- _Task to complete_:
Scan the entries below for the word "within" and copy every line where it turns up.

(Spatial localization data)

▬▬▬▬▬▬

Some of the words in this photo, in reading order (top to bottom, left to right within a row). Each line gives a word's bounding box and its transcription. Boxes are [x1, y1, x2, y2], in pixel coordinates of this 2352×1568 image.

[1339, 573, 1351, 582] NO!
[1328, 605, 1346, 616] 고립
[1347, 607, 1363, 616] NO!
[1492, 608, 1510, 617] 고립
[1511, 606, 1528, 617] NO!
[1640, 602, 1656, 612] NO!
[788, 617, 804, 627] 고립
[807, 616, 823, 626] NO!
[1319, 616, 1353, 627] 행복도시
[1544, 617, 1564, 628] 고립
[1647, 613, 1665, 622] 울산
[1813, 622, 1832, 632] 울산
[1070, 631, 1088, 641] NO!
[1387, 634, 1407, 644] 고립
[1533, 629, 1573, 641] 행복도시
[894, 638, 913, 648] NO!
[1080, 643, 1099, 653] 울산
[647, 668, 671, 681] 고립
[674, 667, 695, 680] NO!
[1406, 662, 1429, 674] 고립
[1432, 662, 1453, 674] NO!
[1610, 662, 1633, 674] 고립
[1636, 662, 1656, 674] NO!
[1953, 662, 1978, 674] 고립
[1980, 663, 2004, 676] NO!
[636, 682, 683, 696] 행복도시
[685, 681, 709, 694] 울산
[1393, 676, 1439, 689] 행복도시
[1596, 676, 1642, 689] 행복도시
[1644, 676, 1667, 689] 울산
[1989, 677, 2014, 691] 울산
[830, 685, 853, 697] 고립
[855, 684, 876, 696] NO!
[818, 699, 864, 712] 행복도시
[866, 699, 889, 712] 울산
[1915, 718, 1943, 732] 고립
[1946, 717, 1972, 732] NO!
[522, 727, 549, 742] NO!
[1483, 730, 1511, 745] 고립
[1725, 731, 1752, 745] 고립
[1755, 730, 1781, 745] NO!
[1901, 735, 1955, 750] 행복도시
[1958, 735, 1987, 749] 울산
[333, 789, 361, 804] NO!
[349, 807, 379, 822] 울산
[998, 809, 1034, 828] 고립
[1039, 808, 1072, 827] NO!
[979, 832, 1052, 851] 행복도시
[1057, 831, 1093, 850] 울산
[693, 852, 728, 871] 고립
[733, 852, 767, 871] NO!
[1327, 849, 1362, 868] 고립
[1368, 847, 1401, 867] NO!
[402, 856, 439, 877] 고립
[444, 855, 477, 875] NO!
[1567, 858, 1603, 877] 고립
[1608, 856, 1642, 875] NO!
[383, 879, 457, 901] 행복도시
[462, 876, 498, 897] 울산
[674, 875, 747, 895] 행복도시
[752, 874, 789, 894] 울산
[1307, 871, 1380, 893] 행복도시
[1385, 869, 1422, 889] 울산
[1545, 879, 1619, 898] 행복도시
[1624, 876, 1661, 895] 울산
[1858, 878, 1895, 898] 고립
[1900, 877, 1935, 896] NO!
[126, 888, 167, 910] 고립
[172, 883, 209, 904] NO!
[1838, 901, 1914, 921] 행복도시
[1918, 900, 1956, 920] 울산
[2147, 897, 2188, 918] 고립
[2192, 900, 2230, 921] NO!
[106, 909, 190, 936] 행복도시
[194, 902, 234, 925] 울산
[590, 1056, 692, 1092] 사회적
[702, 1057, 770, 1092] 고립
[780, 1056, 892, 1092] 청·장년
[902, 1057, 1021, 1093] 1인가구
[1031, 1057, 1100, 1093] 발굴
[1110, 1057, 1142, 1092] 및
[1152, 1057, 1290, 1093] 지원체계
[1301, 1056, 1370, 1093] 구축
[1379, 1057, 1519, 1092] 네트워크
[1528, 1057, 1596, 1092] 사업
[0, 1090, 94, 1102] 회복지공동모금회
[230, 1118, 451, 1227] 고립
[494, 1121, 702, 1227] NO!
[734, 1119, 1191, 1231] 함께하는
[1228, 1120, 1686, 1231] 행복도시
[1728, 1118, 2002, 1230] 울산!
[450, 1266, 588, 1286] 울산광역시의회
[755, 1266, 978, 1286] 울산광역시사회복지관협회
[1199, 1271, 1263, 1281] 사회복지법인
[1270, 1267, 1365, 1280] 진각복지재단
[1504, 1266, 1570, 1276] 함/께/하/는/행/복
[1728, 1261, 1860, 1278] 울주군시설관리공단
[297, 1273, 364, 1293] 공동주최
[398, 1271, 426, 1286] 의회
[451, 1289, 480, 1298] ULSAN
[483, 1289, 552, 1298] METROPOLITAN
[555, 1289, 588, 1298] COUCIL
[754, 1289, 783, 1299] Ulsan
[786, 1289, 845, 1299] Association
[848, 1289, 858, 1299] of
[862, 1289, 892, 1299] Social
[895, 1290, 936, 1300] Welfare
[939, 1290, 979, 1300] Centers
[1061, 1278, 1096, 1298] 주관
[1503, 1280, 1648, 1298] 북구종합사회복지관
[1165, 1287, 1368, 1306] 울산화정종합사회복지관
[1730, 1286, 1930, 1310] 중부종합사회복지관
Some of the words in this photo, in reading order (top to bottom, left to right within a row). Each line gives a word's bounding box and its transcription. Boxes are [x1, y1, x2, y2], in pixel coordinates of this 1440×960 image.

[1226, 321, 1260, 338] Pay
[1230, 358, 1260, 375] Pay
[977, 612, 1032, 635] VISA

▬▬▬▬▬▬

- _Written response_:
Some of the words in this photo, in reading order (top to bottom, left to right within a row). Each line gives a word's bounding box and its transcription. Boxes are [x1, y1, x2, y2], in pixel coordinates of this 2352×1568 image.
Some of the words in this photo, in reading order (top to bottom, left to right within a row). Each line gives a word's bounding box and its transcription. Boxes are [x1, y1, x2, y2], in pixel coordinates of this 1440×960 image.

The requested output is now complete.